Mercury chloride activates the IFN-IRF1 signaling in myeloid progenitors and promotes monopoiesis in mice

Inorganic mercury (Hg2+) is a highly toxic heavy metal in the environment. To date, the impacts of Hg2+ on the development of monocytes, or monopoiesis, have not been fully addressed. The aim of the present study was to investigate the impact of Hg2+ on monopoiesis. In this study, we treated B10.S mice and DBA/2 mice with 10 mu M or 50 mu M HgCl2 via drinking water for 4 wk, and we then evaluated the development of monocytes. Treatment with 50 mu M HgCl2, but not 10 mu M HgCl2, increased the number of monocytes in the blood, spleen and bone marrow (BM) of B10.S mice. Accordingly, treatment with 50 mu M HgCl2, but not 10 mu M HgCl2, increased the number of common myeloid progenitors (CMP) and granulocyte-macrophage progenitors (GMP) in the BM. Functional analyses indicated that treatment with 50 mu M HgCl2 promoted the differentiation of CMP and GMP to monocytes in the BM of B10.S mice.
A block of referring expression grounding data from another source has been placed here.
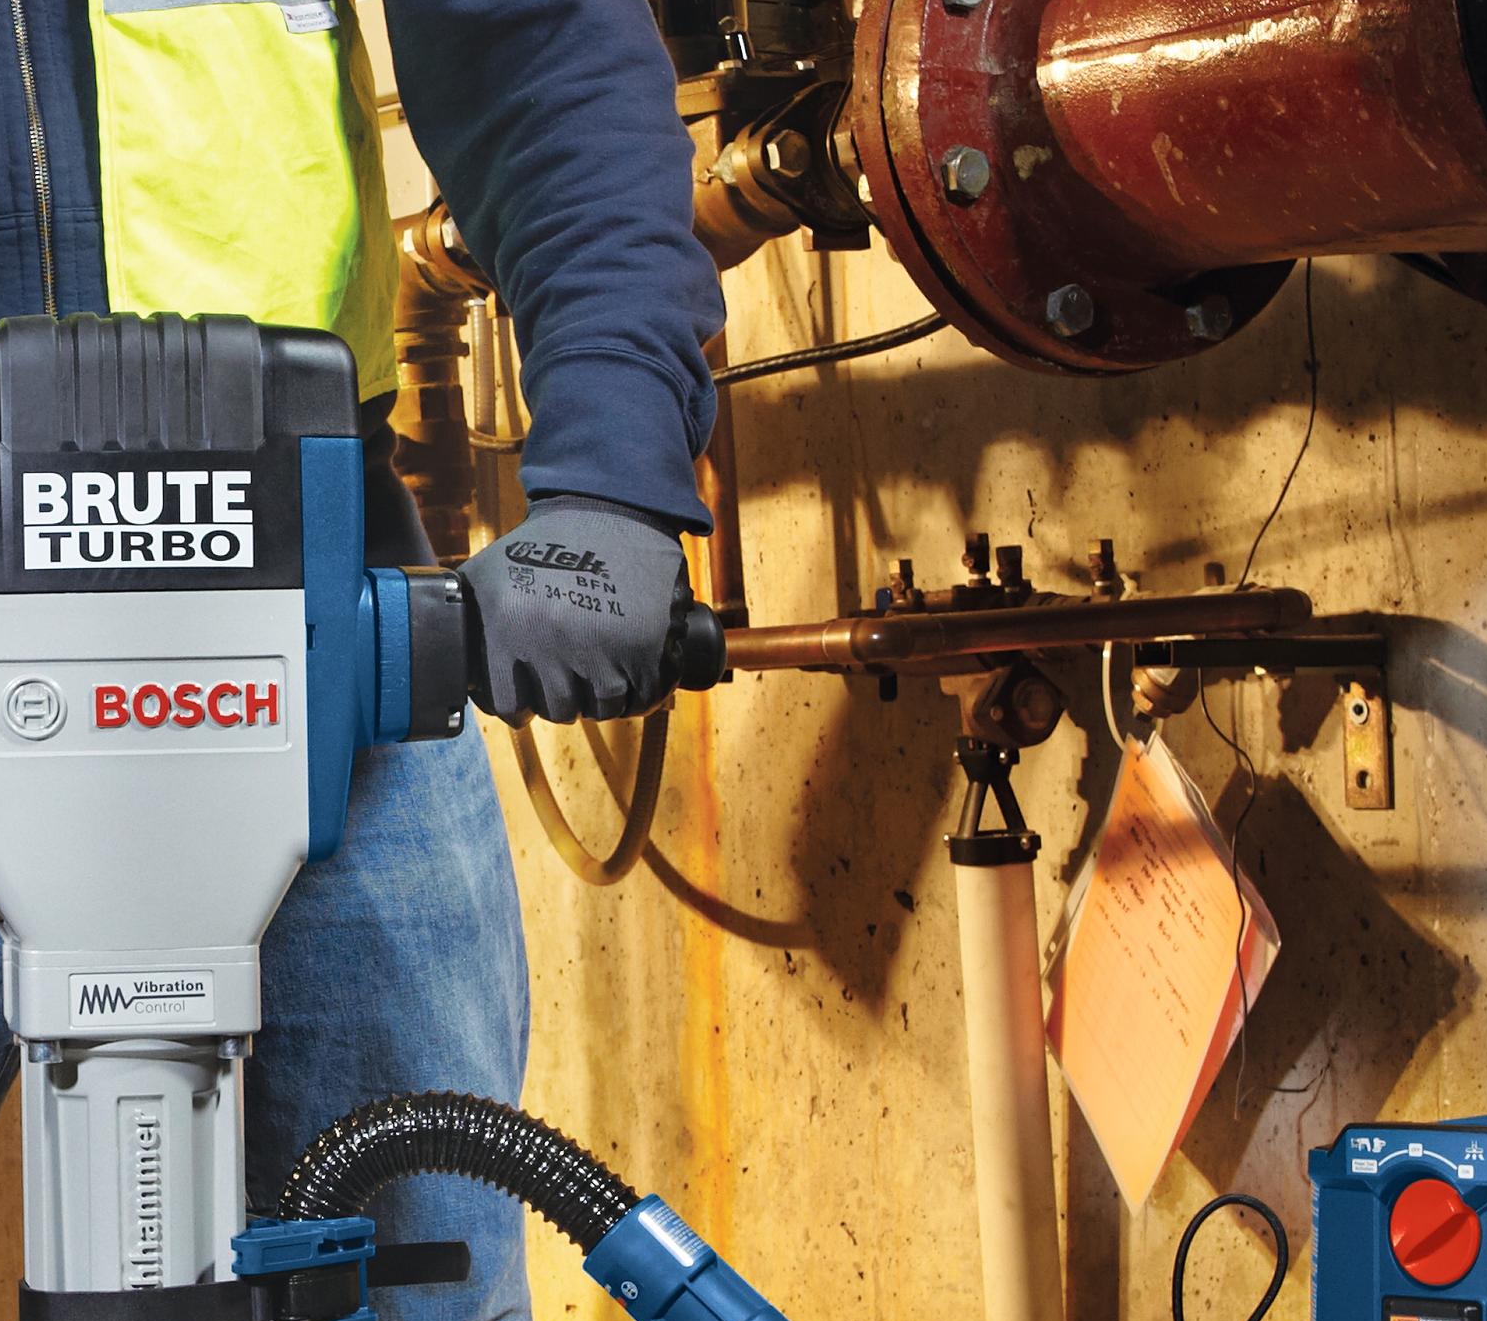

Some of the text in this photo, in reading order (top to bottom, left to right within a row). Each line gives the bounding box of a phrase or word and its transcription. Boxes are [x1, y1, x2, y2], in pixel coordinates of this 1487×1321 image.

[22, 470, 254, 526] BRUTE
[38, 529, 241, 563] TURBO
[544, 584, 625, 617] 34-C232 XL
[576, 575, 617, 595] BFN
[94, 681, 279, 728] BOSCH
[133, 979, 204, 993] Vibration
[134, 1000, 186, 1014] Control
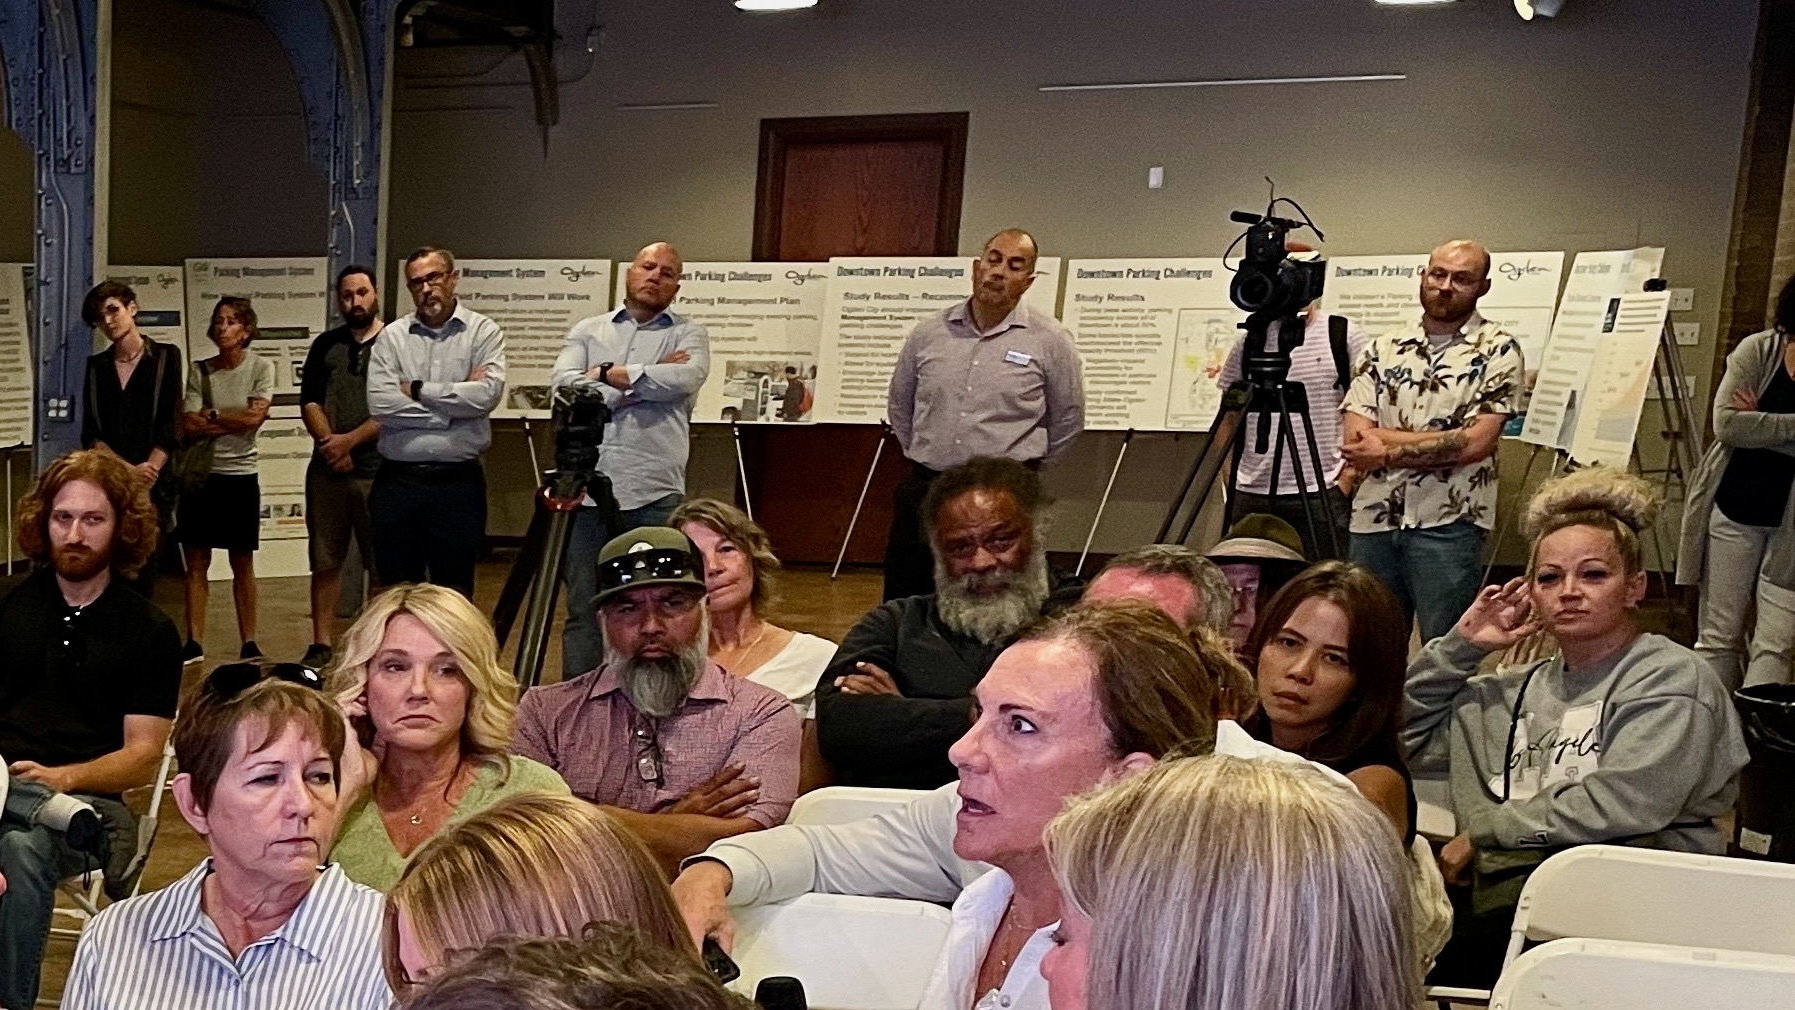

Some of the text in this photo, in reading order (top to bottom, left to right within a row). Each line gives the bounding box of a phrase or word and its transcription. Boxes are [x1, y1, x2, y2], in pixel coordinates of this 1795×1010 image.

[694, 270, 726, 282] Parking
[727, 270, 773, 283] Challenges
[836, 265, 965, 278] Downtown Parking Challenges
[1077, 267, 1213, 281] Downtown Parking Challenges
[1380, 265, 1415, 278] Parking
[716, 296, 778, 306] Management
[1107, 293, 1145, 302] Results
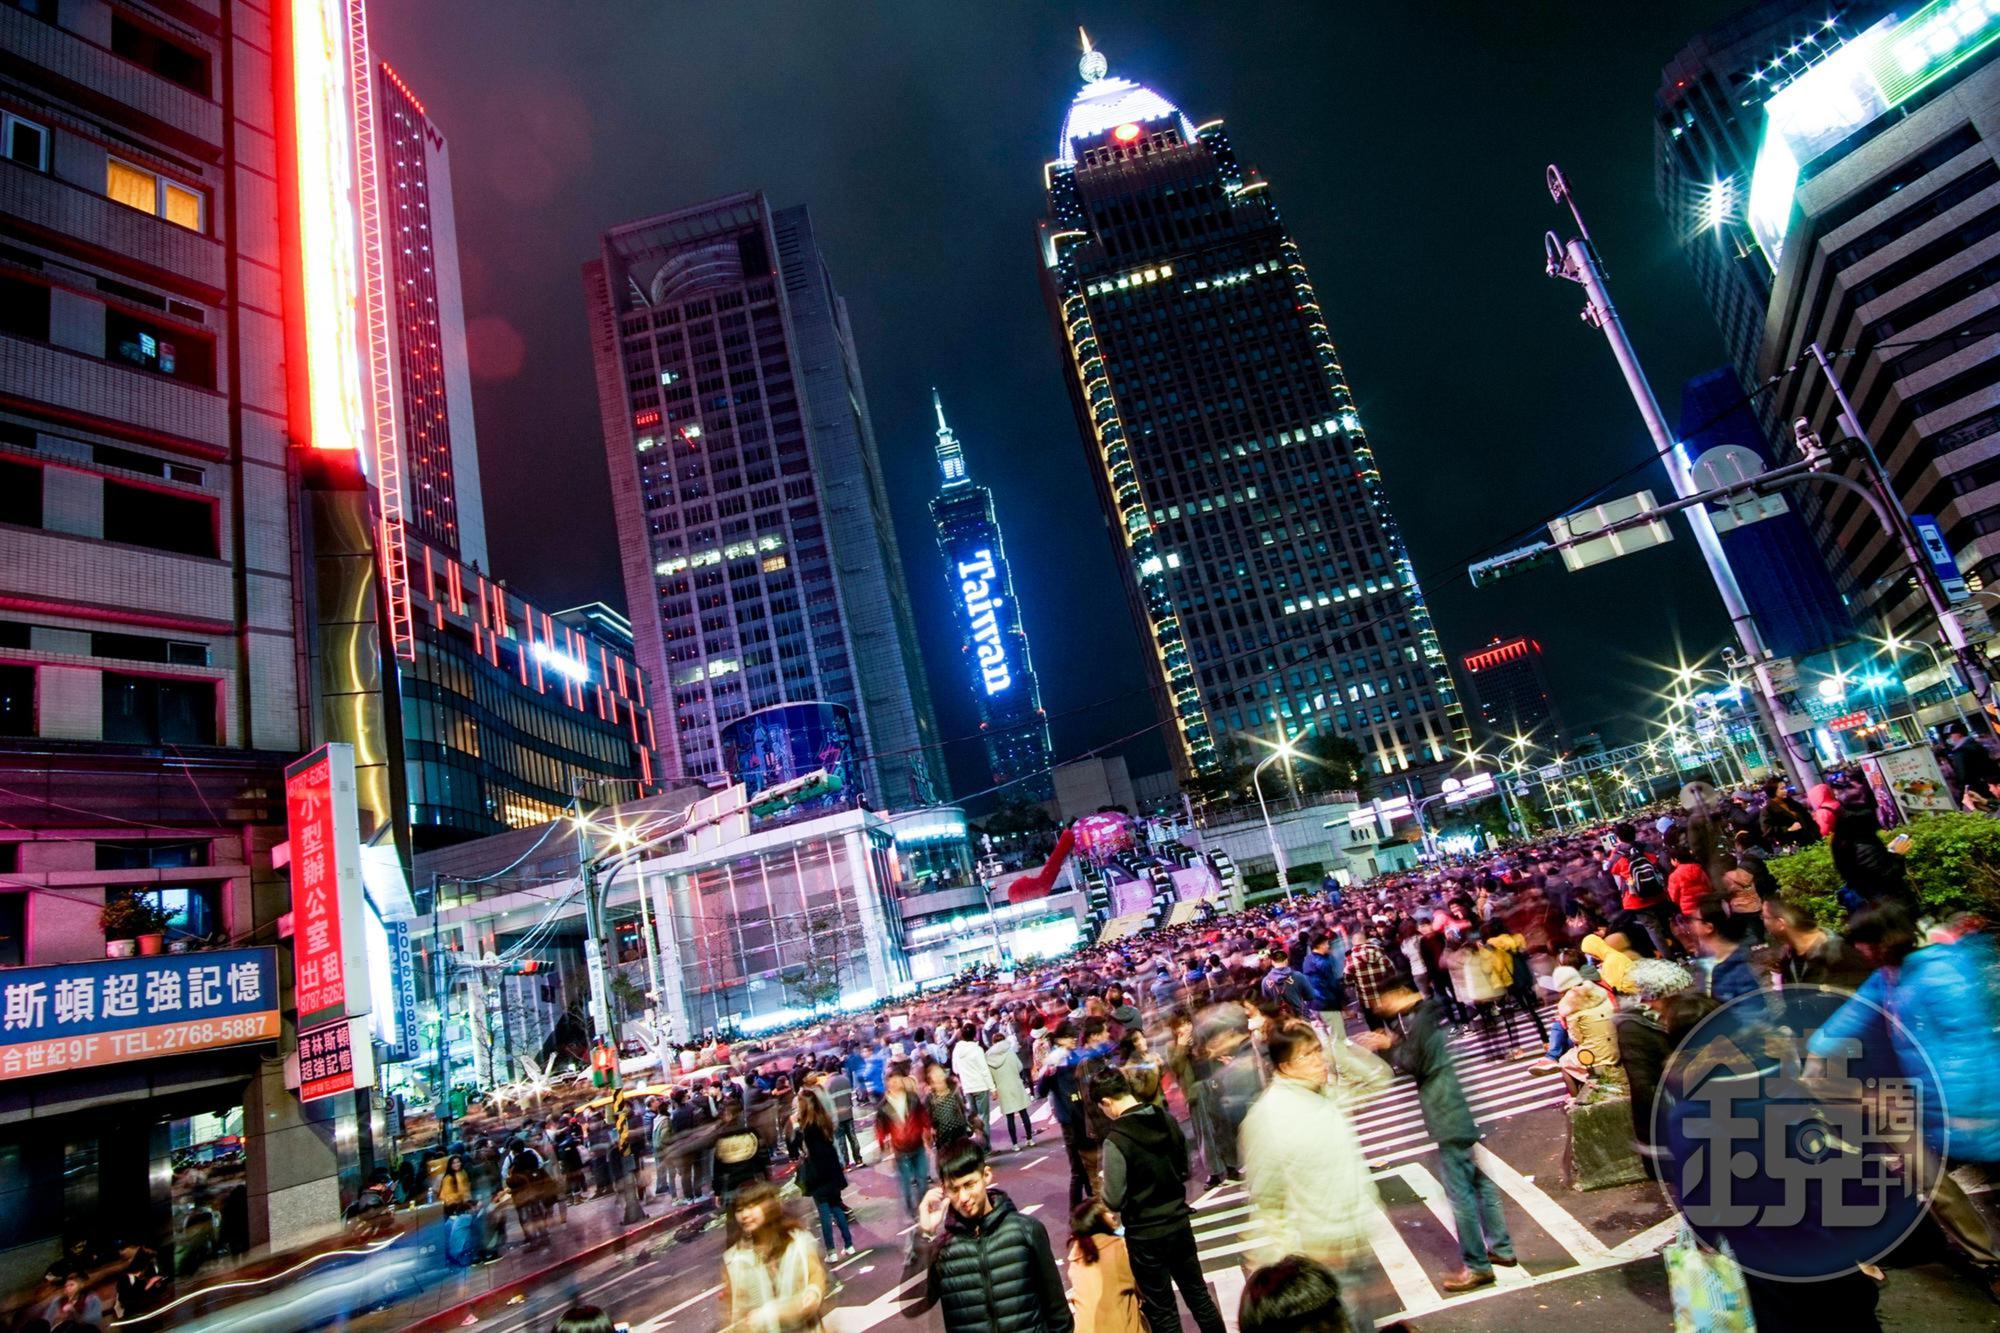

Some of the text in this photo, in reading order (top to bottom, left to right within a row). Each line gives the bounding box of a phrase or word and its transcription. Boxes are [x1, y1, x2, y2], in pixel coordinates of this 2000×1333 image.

[958, 549, 1012, 696] Taiwan
[300, 791, 330, 955] 小型辦公室
[301, 951, 341, 991] 出租
[3, 962, 261, 1031] 斯頓超強記憶
[300, 982, 344, 1012] 8787-6262
[109, 1016, 267, 1056] TEL:2768-5887
[299, 1026, 349, 1060] 普林斯頓
[301, 1050, 351, 1082] 超強記憶
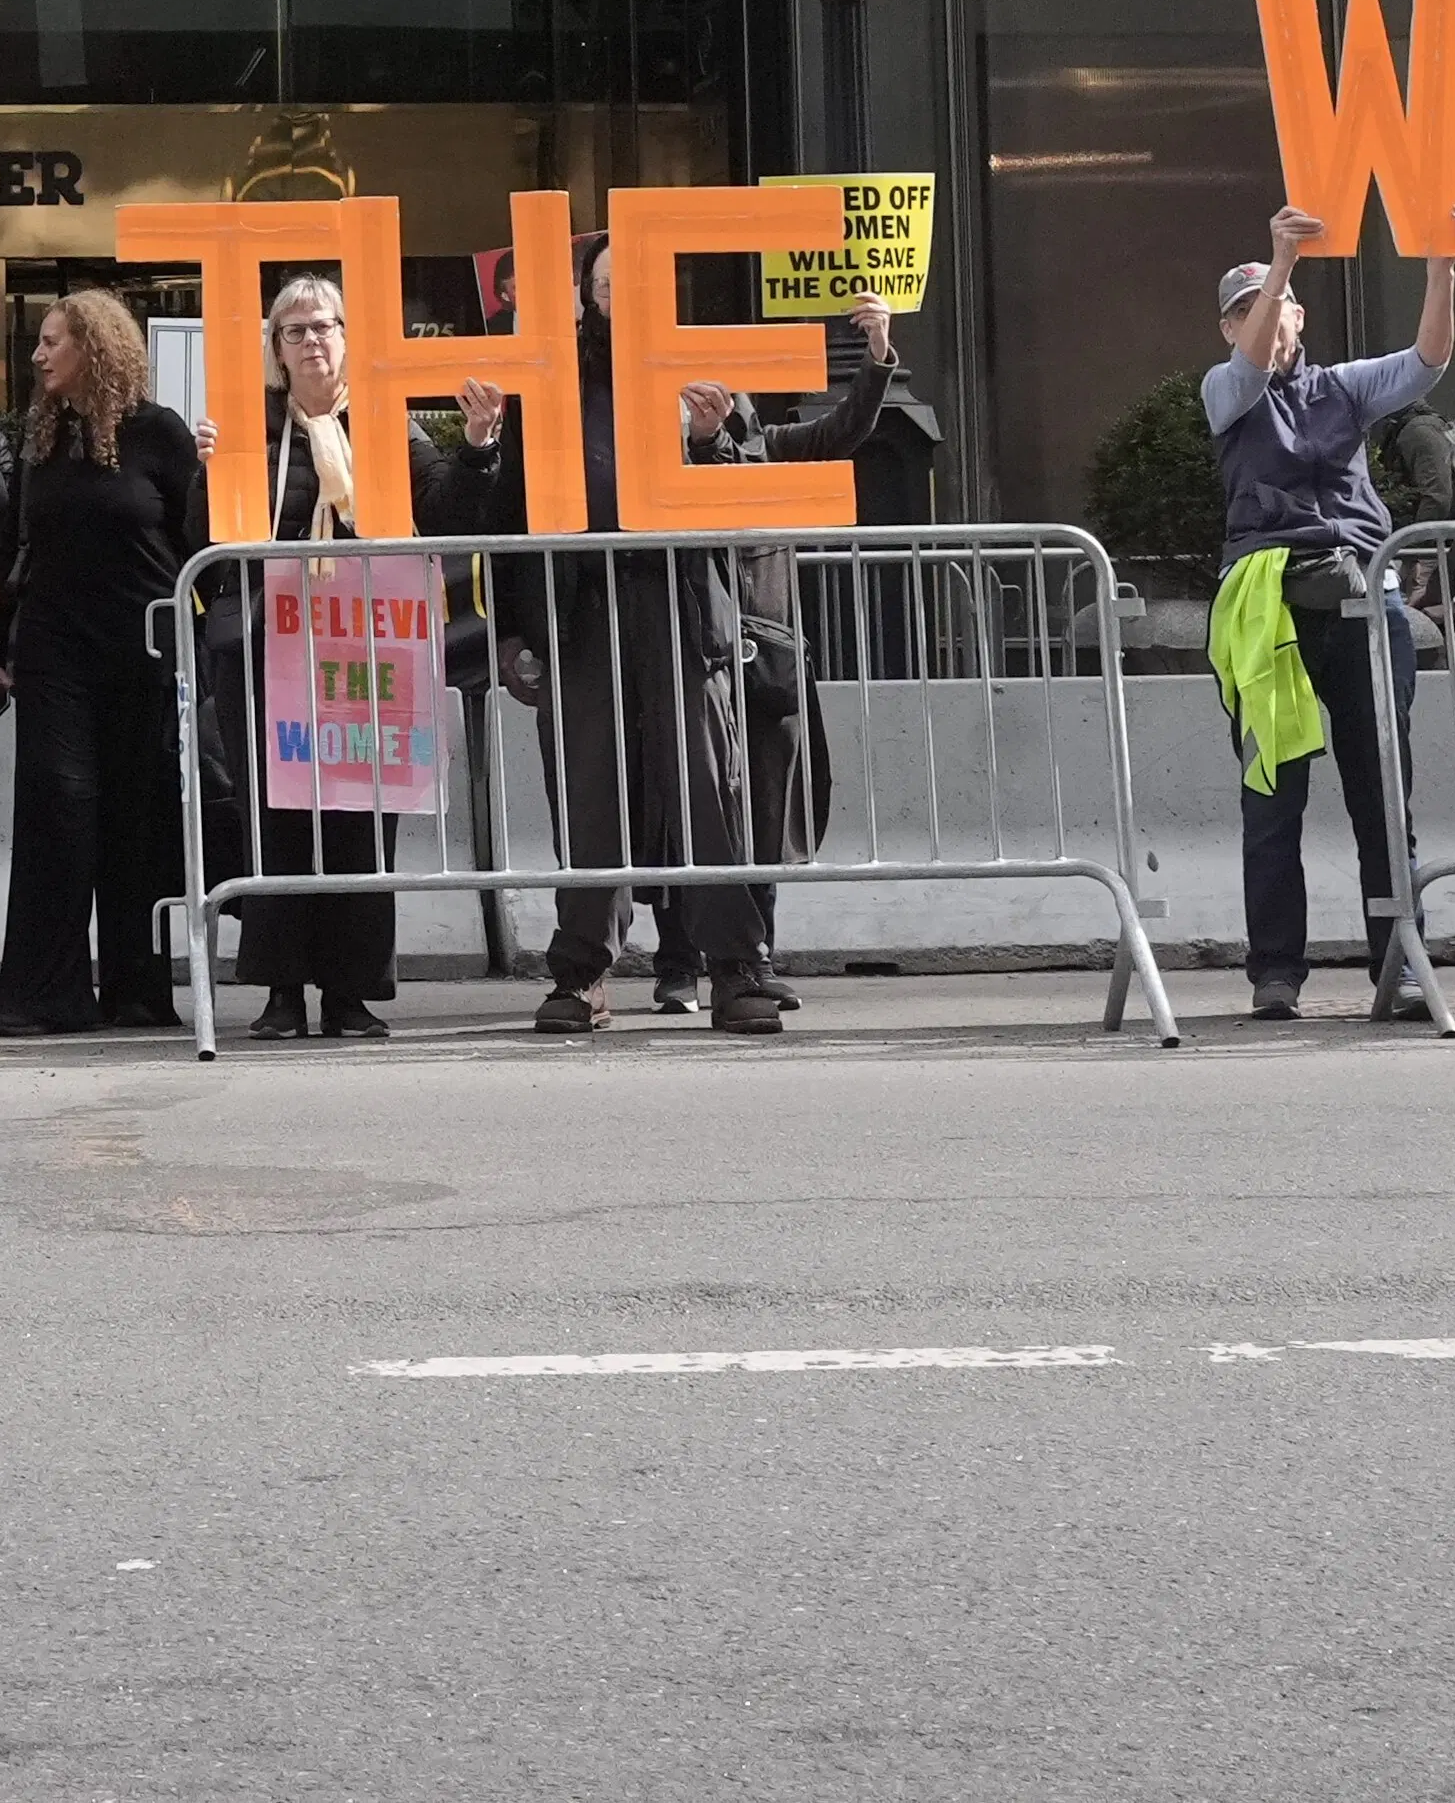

Mechanistically, treatment with 50 mu M HgCl2 induced the production of IFN gamma, which activated the Jak1/3-STAT1/3-IRF1 signaling in CMP and GMP and enhanced their differentiation potential for monocytes in the BM, thus likely leading to increased number of mature monocytes in B10.S mice. Moreover, the increased monopoiesis by Hg2+ was associated with the increased inflammatory status in B10.S mice. In contrast, treatment with 50 mu M HgCl2 did not impact the monopoiesis in DBA/2 mice. Our study reveals the impact of Hg on the development of monocytes.